◆ **Problem to work on**
Print all of the data exactly as written.

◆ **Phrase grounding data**

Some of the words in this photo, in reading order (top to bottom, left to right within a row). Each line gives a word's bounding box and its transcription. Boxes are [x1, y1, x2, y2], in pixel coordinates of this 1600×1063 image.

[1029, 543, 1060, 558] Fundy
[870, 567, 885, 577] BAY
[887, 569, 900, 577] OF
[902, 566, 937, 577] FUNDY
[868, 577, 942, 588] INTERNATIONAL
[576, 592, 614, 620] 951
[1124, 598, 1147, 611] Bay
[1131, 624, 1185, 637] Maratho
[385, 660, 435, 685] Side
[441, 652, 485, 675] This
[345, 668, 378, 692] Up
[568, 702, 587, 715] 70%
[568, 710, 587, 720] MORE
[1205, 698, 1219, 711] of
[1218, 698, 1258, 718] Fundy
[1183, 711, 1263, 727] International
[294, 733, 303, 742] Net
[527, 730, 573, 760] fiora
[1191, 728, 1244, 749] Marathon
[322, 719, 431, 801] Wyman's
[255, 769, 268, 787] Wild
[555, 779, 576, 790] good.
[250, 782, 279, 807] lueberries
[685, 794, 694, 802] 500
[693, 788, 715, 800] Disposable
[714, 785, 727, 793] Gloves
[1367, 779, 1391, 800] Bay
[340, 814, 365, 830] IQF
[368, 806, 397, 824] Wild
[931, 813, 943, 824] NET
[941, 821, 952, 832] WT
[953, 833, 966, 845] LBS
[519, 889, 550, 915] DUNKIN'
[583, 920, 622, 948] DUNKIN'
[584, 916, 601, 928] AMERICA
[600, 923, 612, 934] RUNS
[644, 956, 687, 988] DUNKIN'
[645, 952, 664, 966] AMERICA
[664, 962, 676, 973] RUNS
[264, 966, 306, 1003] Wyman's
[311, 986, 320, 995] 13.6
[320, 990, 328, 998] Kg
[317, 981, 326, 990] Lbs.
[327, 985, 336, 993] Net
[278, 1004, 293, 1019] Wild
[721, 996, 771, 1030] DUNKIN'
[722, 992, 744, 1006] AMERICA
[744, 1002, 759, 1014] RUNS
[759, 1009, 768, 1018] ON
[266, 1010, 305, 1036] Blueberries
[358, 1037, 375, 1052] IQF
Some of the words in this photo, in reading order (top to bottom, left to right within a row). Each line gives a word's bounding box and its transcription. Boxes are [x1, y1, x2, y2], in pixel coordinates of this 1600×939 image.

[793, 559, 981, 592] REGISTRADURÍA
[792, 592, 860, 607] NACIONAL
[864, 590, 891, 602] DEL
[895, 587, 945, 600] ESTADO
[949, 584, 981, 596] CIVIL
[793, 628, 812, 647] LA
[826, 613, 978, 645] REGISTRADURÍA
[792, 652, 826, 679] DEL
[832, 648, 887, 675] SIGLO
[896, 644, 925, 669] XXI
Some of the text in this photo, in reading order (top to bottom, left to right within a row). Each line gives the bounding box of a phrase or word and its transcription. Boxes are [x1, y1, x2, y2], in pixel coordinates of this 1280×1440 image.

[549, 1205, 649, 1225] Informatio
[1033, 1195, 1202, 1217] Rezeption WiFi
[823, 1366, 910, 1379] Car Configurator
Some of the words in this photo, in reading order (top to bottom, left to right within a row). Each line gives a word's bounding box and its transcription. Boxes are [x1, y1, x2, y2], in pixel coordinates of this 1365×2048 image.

◆ **Response to this exercise**
Some of the words in this photo, in reading order (top to bottom, left to right within a row). Each line gives a word's bounding box and its transcription. Boxes are [x1, y1, x2, y2], in pixel coordinates of this 1600×1063 image.

[1029, 543, 1060, 558] Fundy
[870, 567, 885, 577] BAY
[887, 569, 900, 577] OF
[902, 566, 937, 577] FUNDY
[868, 577, 942, 588] INTERNATIONAL
[576, 592, 614, 620] 951
[1124, 598, 1147, 611] Bay
[1131, 624, 1185, 637] Maratho
[385, 660, 435, 685] Side
[441, 652, 485, 675] This
[345, 668, 378, 692] Up
[568, 702, 587, 715] 70%
[568, 710, 587, 720] MORE
[1205, 698, 1219, 711] of
[1218, 698, 1258, 718] Fundy
[1183, 711, 1263, 727] International
[294, 733, 303, 742] Net
[527, 730, 573, 760] fiora
[1191, 728, 1244, 749] Marathon
[322, 719, 431, 801] Wyman's
[255, 769, 268, 787] Wild
[555, 779, 576, 790] good.
[250, 782, 279, 807] lueberries
[685, 794, 694, 802] 500
[693, 788, 715, 800] Disposable
[714, 785, 727, 793] Gloves
[1367, 779, 1391, 800] Bay
[340, 814, 365, 830] IQF
[368, 806, 397, 824] Wild
[931, 813, 943, 824] NET
[941, 821, 952, 832] WT
[953, 833, 966, 845] LBS
[519, 889, 550, 915] DUNKIN'
[583, 920, 622, 948] DUNKIN'
[584, 916, 601, 928] AMERICA
[600, 923, 612, 934] RUNS
[644, 956, 687, 988] DUNKIN'
[645, 952, 664, 966] AMERICA
[664, 962, 676, 973] RUNS
[264, 966, 306, 1003] Wyman's
[311, 986, 320, 995] 13.6
[320, 990, 328, 998] Kg
[317, 981, 326, 990] Lbs.
[327, 985, 336, 993] Net
[278, 1004, 293, 1019] Wild
[721, 996, 771, 1030] DUNKIN'
[722, 992, 744, 1006] AMERICA
[744, 1002, 759, 1014] RUNS
[759, 1009, 768, 1018] ON
[266, 1010, 305, 1036] Blueberries
[358, 1037, 375, 1052] IQF
Some of the words in this photo, in reading order (top to bottom, left to right within a row). Each line gives a word's bounding box and its transcription. Boxes are [x1, y1, x2, y2], in pixel coordinates of this 1600×939 image.

[793, 559, 981, 592] REGISTRADURÍA
[792, 592, 860, 607] NACIONAL
[864, 590, 891, 602] DEL
[895, 587, 945, 600] ESTADO
[949, 584, 981, 596] CIVIL
[793, 628, 812, 647] LA
[826, 613, 978, 645] REGISTRADURÍA
[792, 652, 826, 679] DEL
[832, 648, 887, 675] SIGLO
[896, 644, 925, 669] XXI
Some of the text in this photo, in reading order (top to bottom, left to right within a row). Each line gives the bounding box of a phrase or word and its transcription. Boxes are [x1, y1, x2, y2], in pixel coordinates of this 1280×1440 image.

[549, 1205, 649, 1225] Informatio
[1033, 1195, 1202, 1217] Rezeption WiFi
[823, 1366, 910, 1379] Car Configurator
Some of the words in this photo, in reading order (top to bottom, left to right within a row). Each line gives a word's bounding box and its transcription. Boxes are [x1, y1, x2, y2], in pixel coordinates of this 1365×2048 image.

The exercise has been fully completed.